Brazil, meanwhile, has faced numerous disappointments with pre-salt prospects in recent years, including ExxonMobil’s Cutthroat-1 wildcat in the Sergipe-Alagoas Basin Block SEAL-M-428 which was expected to hold between 500 million and 1.05 billion barrels of oil equivalent. While the presence of hydrocarbons was not found, Exxon which has a 50% working interest in nine SEAL blocks, said it will continue to integrate the exploration well data into its regional subsurface interpretation efforts to better understand the exploration potential of its deepwater blocks located in the basin.
Cutthroat-1 is located nearly 90 kilometers (km) offshore Brazil and was drilled in 3094 meters (m) of water by the Seadrill West Saturn drillship. Exxon and its partners Enauta Energia and Murphy Oil have said it is one of multiple prospects mapped in the basin.
Inflation has also had an impact on Brazil’s attractiveness. Recent data by Rystad Energy indicates that the annual inflation rate in Brazil was above 10% in December 2021, one of the highest in the world and 3% higher than in the US over the period.
The Norway-based company has said the increase has driven oil and gas development costs higher in Brazil, particularly in areas where local content requirements mean work must be undertaken within country rather than internationally.
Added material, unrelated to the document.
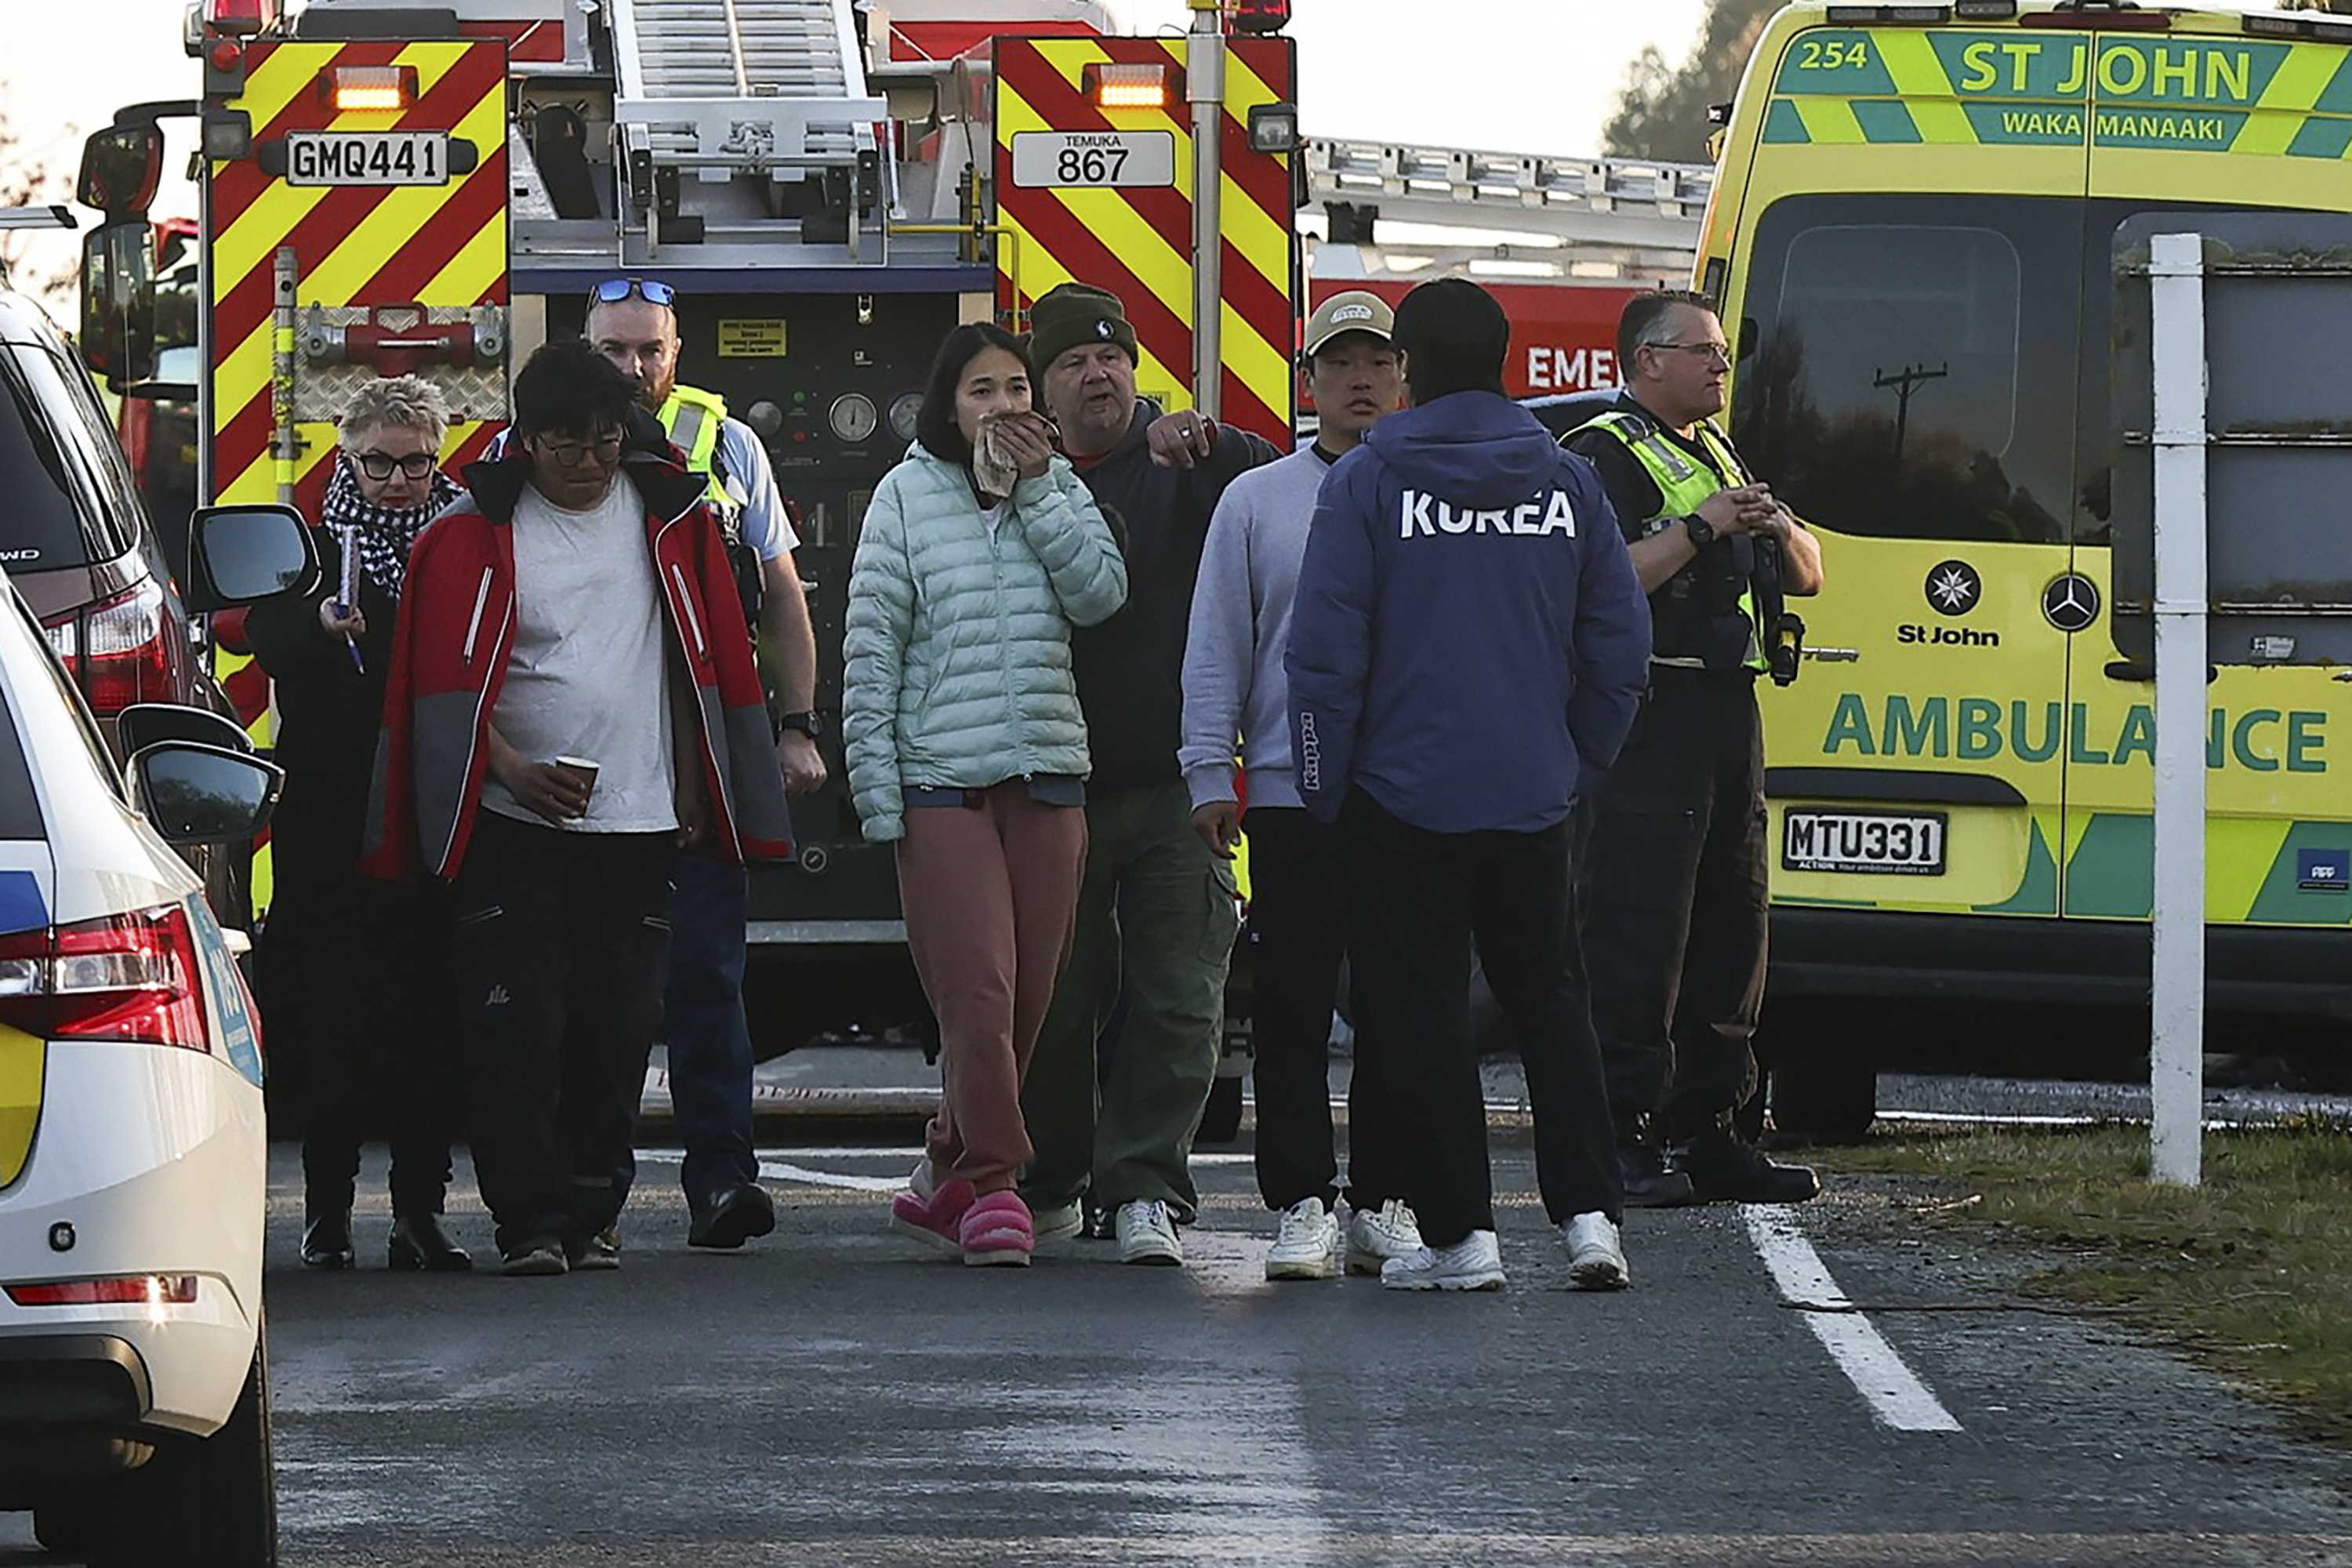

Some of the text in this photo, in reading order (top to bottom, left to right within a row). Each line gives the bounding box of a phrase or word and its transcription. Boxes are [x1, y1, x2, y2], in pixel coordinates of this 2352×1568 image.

From 2022 to 2030, Rystad Energy estimates that capital expenditure (capex) on facility development for Brazilian oil and gas fields will top US$75 billion and represent over 80% of total capex. In general, this means that understanding local content requirements and country-by-country inflationary trends will be critical as a means of minimising cost increases for projects in Brazil through this decade, the consultancy group concluded.
Guyana’s projects, according to Stabroek Block partner, Hess Corporation, have been insulated from inflationary pressures due to the prudent management skills of operator, Exxon.